In November 2025, Michael Burry broke a two-year silence to warn about what he called "one of the most common frauds in the modern era"—Big Tech's depreciation manipulation.
His thesis: hyperscalers will understate depreciation by $176 billion between 2026-2028 by extending asset useful lives from 4-5 years to 6-10 years. The effect? Inflated profits that mask the true cost of the AI infrastructure arms race.
But here's what Burry's thesis misses: not all hyperscalers are playing the same game.
Amazon is doing the exact opposite—shortening depreciation schedules and taking a $700M annual profit hit while competitors extend useful lives to boost earnings. This creates a powerful screen for earnings quality investors.
The Depreciation Divergence Explained
When a company buys AI infrastructure (GPUs, servers, data centers), it doesn't expense the cost immediately. Instead, it depreciates the asset over an assumed "useful life":
- 5-year useful life: Depreciate 20% per year ($100B capex → $20B annual depreciation)
- 10-year useful life: Depreciate 10% per year ($100B capex → $10B annual depreciation)
By extending useful lives, companies can cut depreciation expense in half—directly boosting reported earnings and margins. The accounting is legal, but the question is whether it reflects economic reality.
Here's how the four hyperscalers diverged in their depreciation policies:
| Company | Previous | New | Effective Date | Annual P&L Impact |
|---|---|---|---|---|
| Amazon | 6 years | 5 years | Jan 2025 | -$700M profit |
| Meta | 4.5 years | 5.5 years | Jan 2025 | +$2.9B profit |
| Alphabet | 4 years | 6 years | Jan 2023 | +$3.4B profit |
| Microsoft | 4 years | 6 years | 2022 | +$2.5B profit |
The divergence is stark: Amazon is accepting lower reported profits to accelerate depreciation, while Meta, Google, and Microsoft are boosting profits by $8.8B combined through extensions.
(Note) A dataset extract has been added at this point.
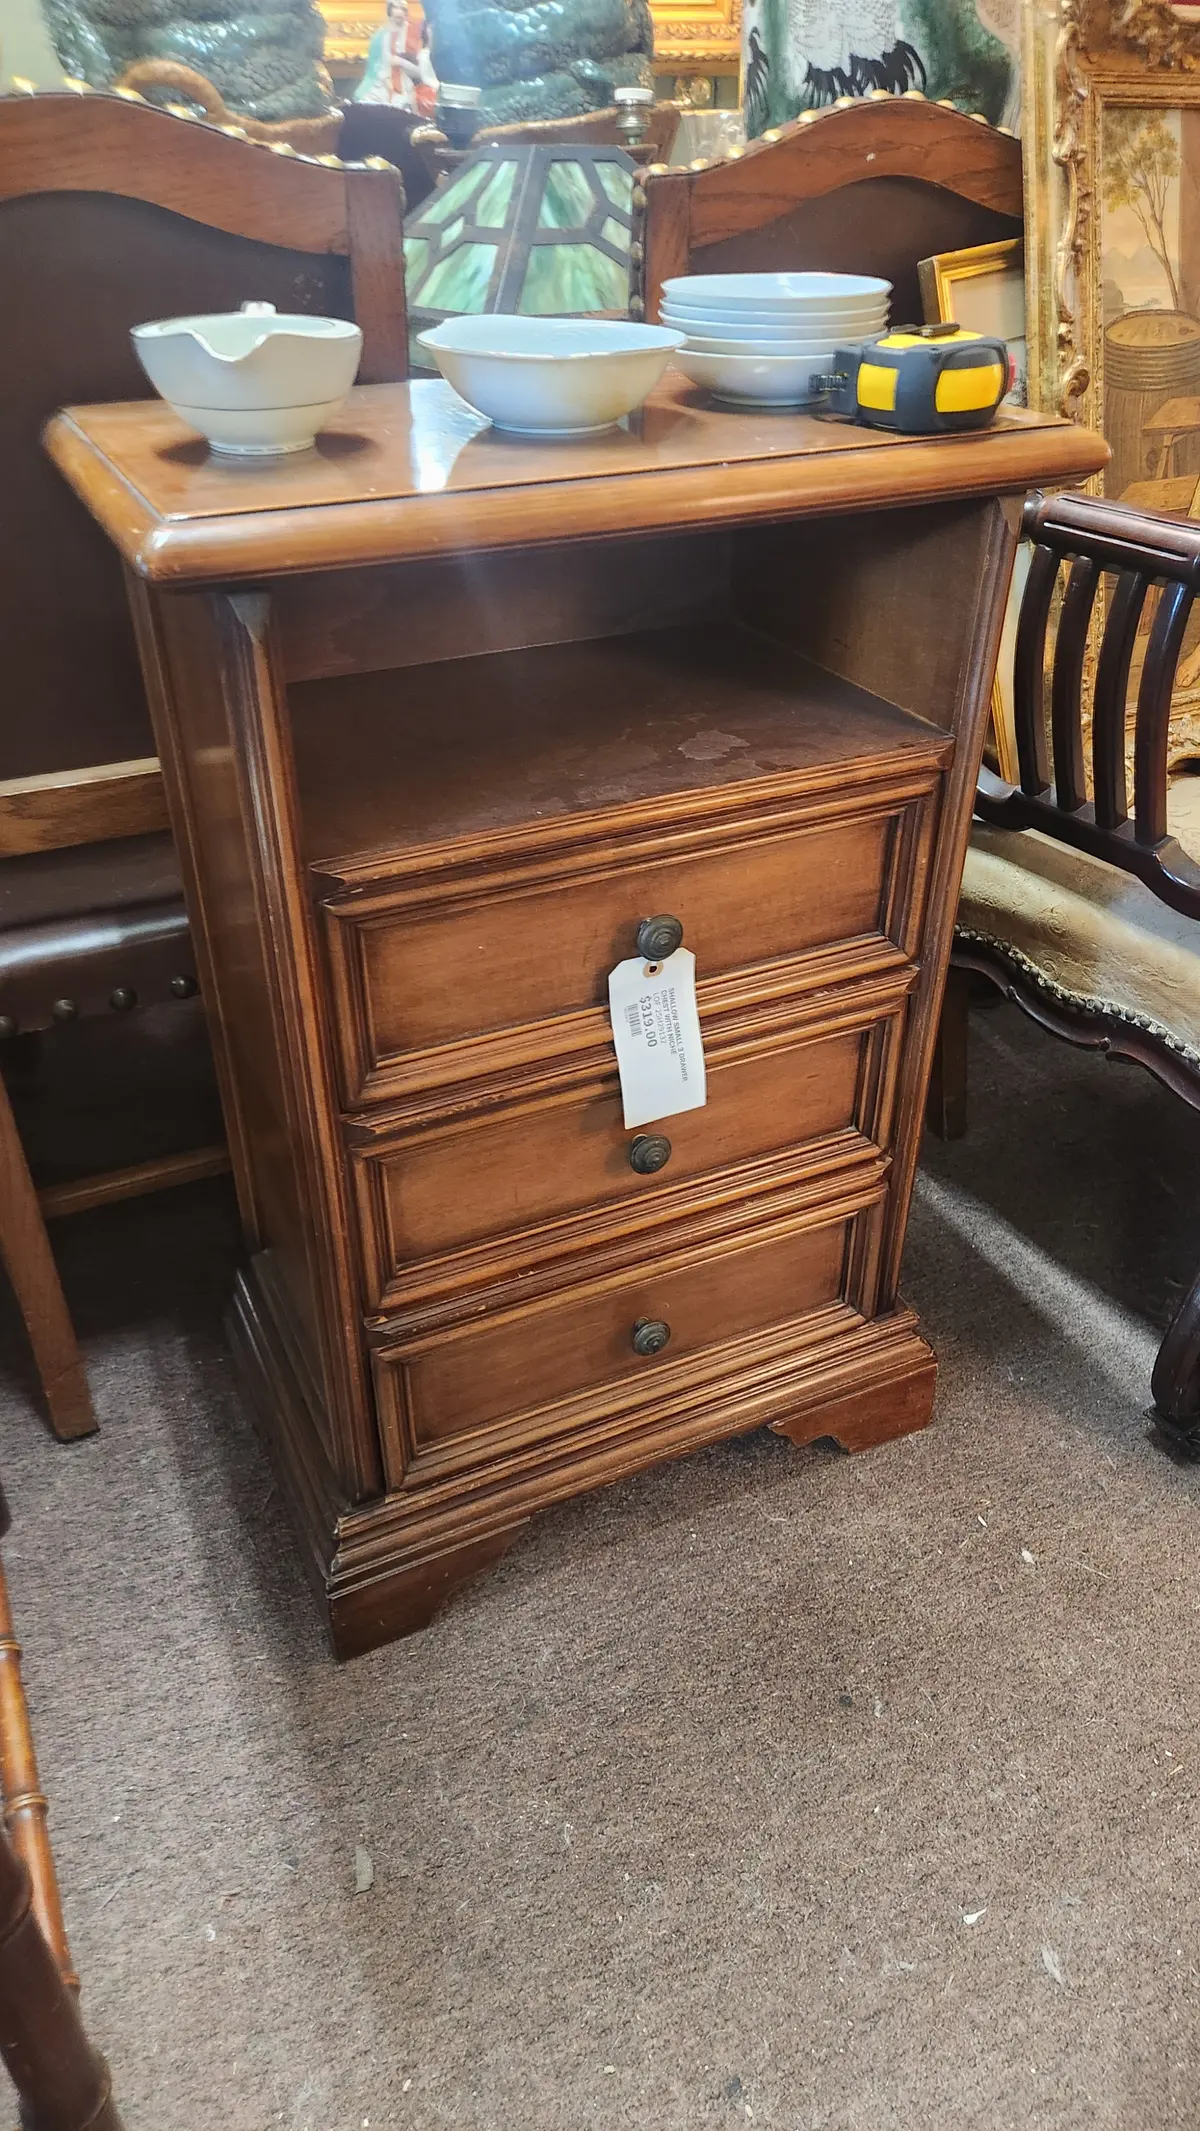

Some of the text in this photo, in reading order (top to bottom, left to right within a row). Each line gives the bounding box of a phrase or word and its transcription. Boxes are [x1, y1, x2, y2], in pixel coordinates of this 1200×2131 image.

Amazon: The Contrarian Signal
Amazon's decision to shorten useful lives from 6 to 5 years is remarkable for two reasons:
1. It's the Opposite of Peers
Every other hyperscaler extended useful lives to boost profits. Amazon went the other direction—the only company in the group to accept a profit reduction from depreciation policy changes.
This is not what you'd expect from a company trying to inflate earnings. It's the opposite.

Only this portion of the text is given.